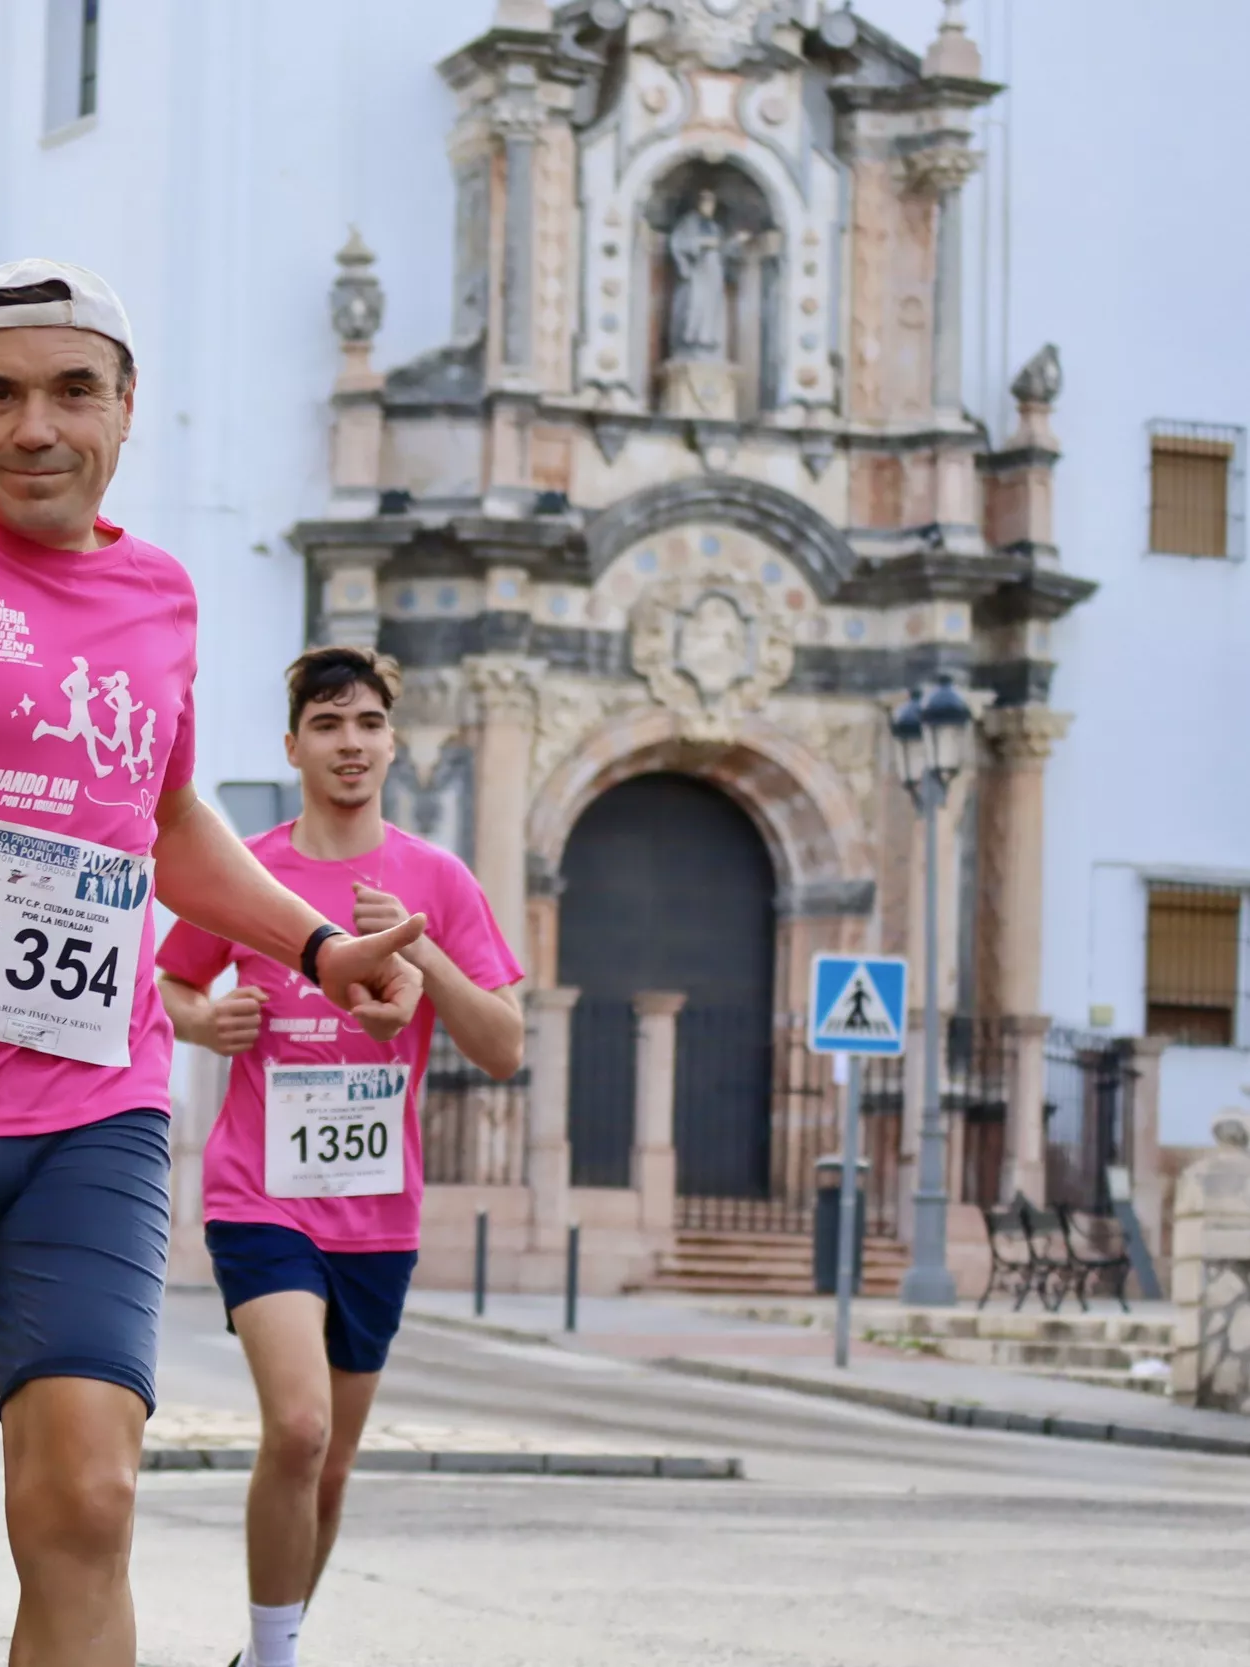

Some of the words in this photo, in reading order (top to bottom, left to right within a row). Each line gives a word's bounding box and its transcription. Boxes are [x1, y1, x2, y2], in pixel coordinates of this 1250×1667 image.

[48, 776, 79, 801] KM
[19, 797, 33, 809] LA
[32, 799, 75, 816] IGUALDAD
[10, 834, 67, 855] PROVINCIAL
[69, 846, 81, 859] DE
[19, 845, 80, 870] POPULARES
[19, 859, 31, 868] DE
[83, 851, 121, 879] 2024
[4, 894, 26, 905] XXV
[43, 903, 75, 916] CIUDAD
[75, 909, 86, 918] DE
[21, 911, 39, 922] POR
[40, 915, 52, 925] LA
[54, 918, 94, 933] IGUALDAD
[290, 1121, 388, 1164] 1350
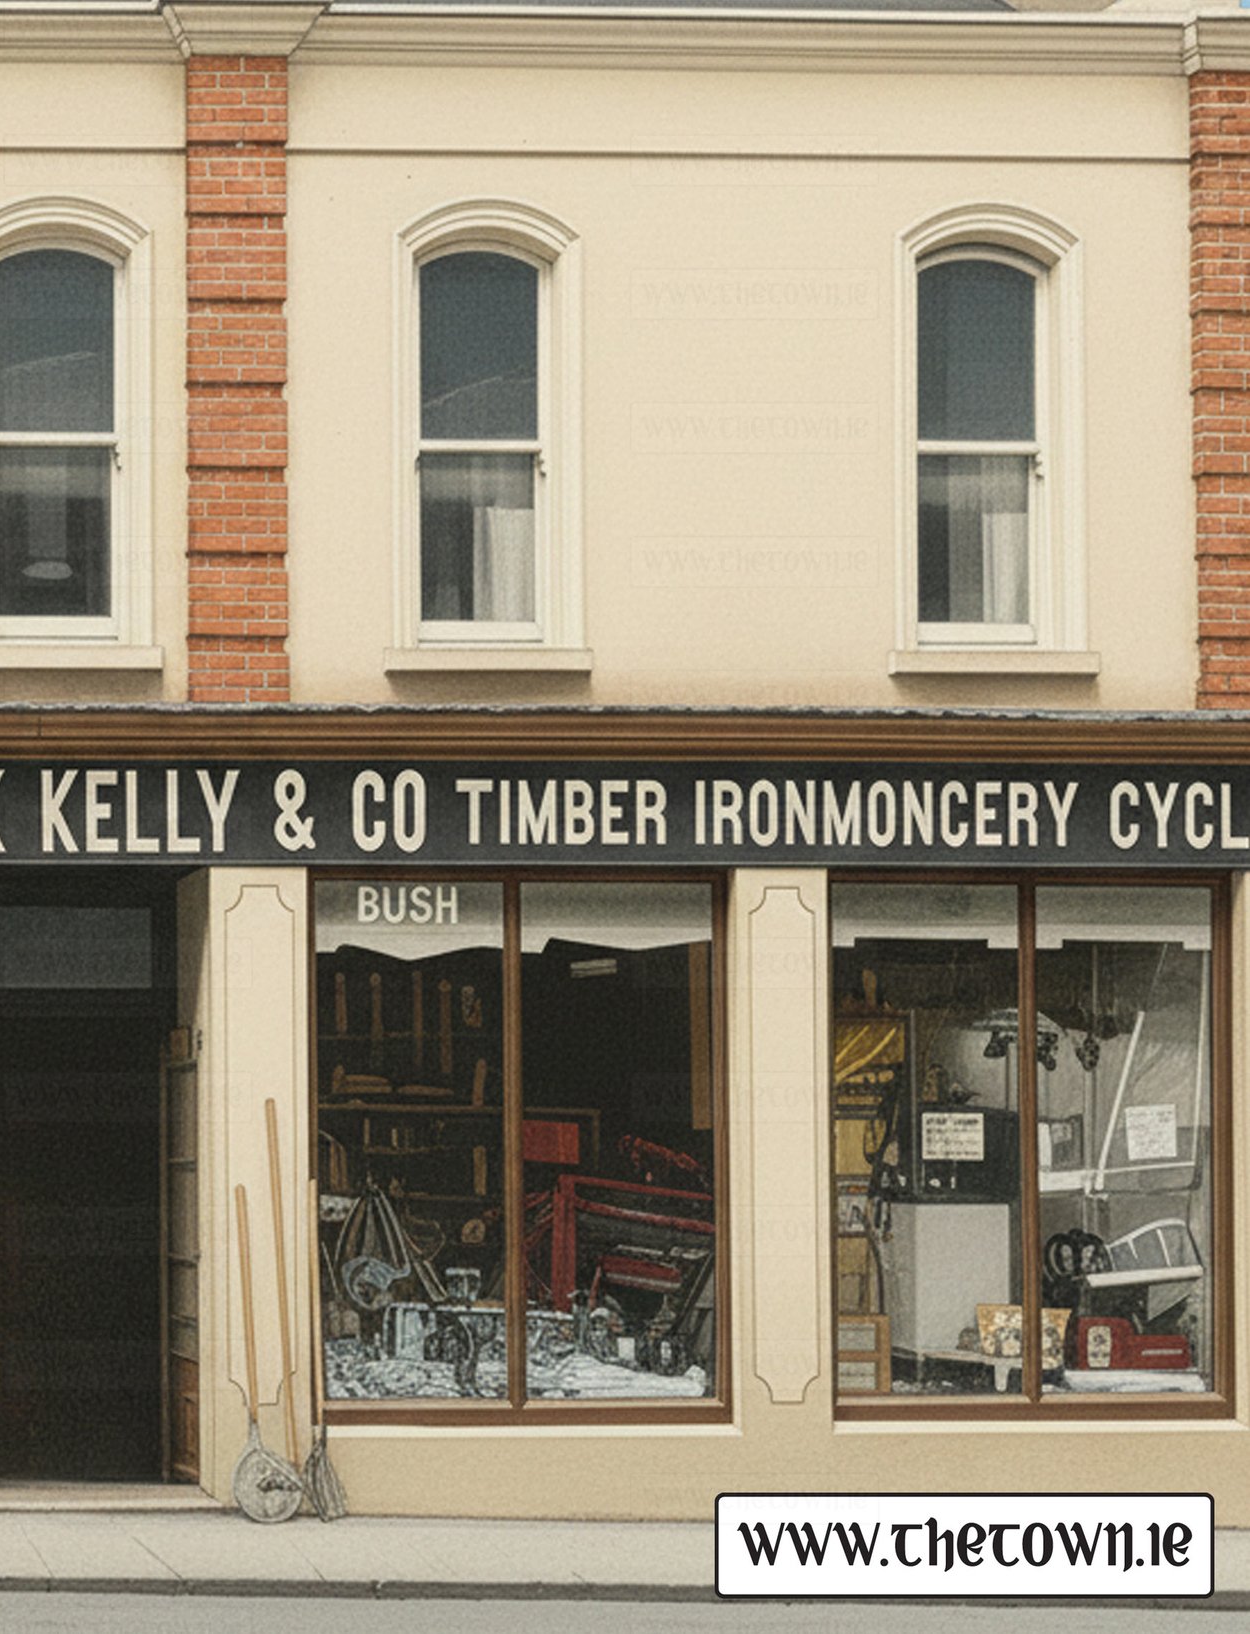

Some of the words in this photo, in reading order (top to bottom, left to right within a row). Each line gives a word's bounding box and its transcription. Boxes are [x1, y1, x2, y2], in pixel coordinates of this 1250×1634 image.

◆ ◆ ◆

→ Problem to solve
Skipping any pictures, transcribe the full listing exactly.

→ Result of the exercise
Some of the words in this photo, in reading order (top to bottom, left to right within a row). Each line gives a word's bounding box and its transcription. Boxes are [x1, y1, x2, y2], in pixel coordinates of this 1250×1667 image.

[48, 776, 79, 801] KM
[19, 797, 33, 809] LA
[32, 799, 75, 816] IGUALDAD
[10, 834, 67, 855] PROVINCIAL
[69, 846, 81, 859] DE
[19, 845, 80, 870] POPULARES
[19, 859, 31, 868] DE
[83, 851, 121, 879] 2024
[4, 894, 26, 905] XXV
[43, 903, 75, 916] CIUDAD
[75, 909, 86, 918] DE
[21, 911, 39, 922] POR
[40, 915, 52, 925] LA
[54, 918, 94, 933] IGUALDAD
[290, 1121, 388, 1164] 1350

Some of the words in this photo, in reading order (top to bottom, left to right within a row). Each line gives a word's bounding box and its transcription. Boxes are [x1, y1, x2, y2], in pixel coordinates of this 1250×1634 image.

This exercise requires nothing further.